═════ Dataset

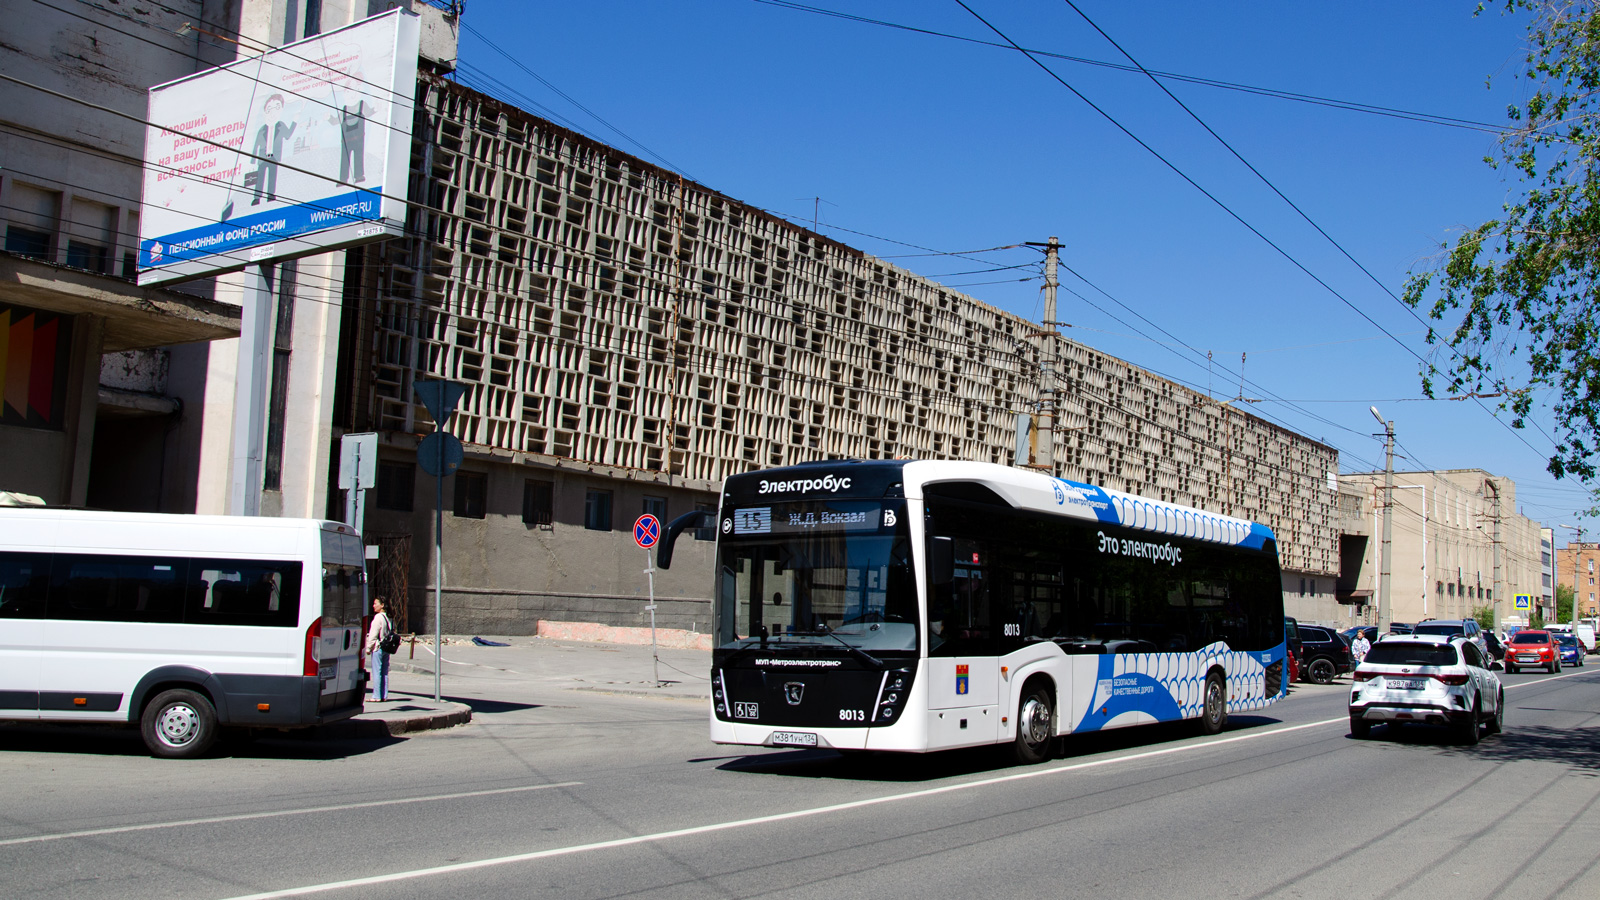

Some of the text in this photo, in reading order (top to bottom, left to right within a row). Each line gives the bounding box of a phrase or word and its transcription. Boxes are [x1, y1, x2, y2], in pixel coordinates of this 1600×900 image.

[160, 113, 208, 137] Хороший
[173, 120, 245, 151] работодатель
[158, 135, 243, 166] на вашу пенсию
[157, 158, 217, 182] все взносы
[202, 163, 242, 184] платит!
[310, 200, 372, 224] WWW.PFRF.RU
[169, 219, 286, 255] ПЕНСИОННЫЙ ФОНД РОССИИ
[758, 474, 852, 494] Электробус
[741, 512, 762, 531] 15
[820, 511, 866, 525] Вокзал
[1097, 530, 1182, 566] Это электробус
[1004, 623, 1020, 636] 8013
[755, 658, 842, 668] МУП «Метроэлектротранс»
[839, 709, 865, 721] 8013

══════════

- **What needs to be done**: Return an exact transcription of the material, with its pictures left out.

- **Answer space**:
Some of the text in this photo, in reading order (top to bottom, left to right within a row). Each line gives the bounding box of a phrase or word and its transcription. Boxes are [x1, y1, x2, y2], in pixel coordinates of this 1600×900 image.

[160, 113, 208, 137] Хороший
[173, 120, 245, 151] работодатель
[158, 135, 243, 166] на вашу пенсию
[157, 158, 217, 182] все взносы
[202, 163, 242, 184] платит!
[310, 200, 372, 224] WWW.PFRF.RU
[169, 219, 286, 255] ПЕНСИОННЫЙ ФОНД РОССИИ
[758, 474, 852, 494] Электробус
[741, 512, 762, 531] 15
[820, 511, 866, 525] Вокзал
[1097, 530, 1182, 566] Это электробус
[1004, 623, 1020, 636] 8013
[755, 658, 842, 668] МУП «Метроэлектротранс»
[839, 709, 865, 721] 8013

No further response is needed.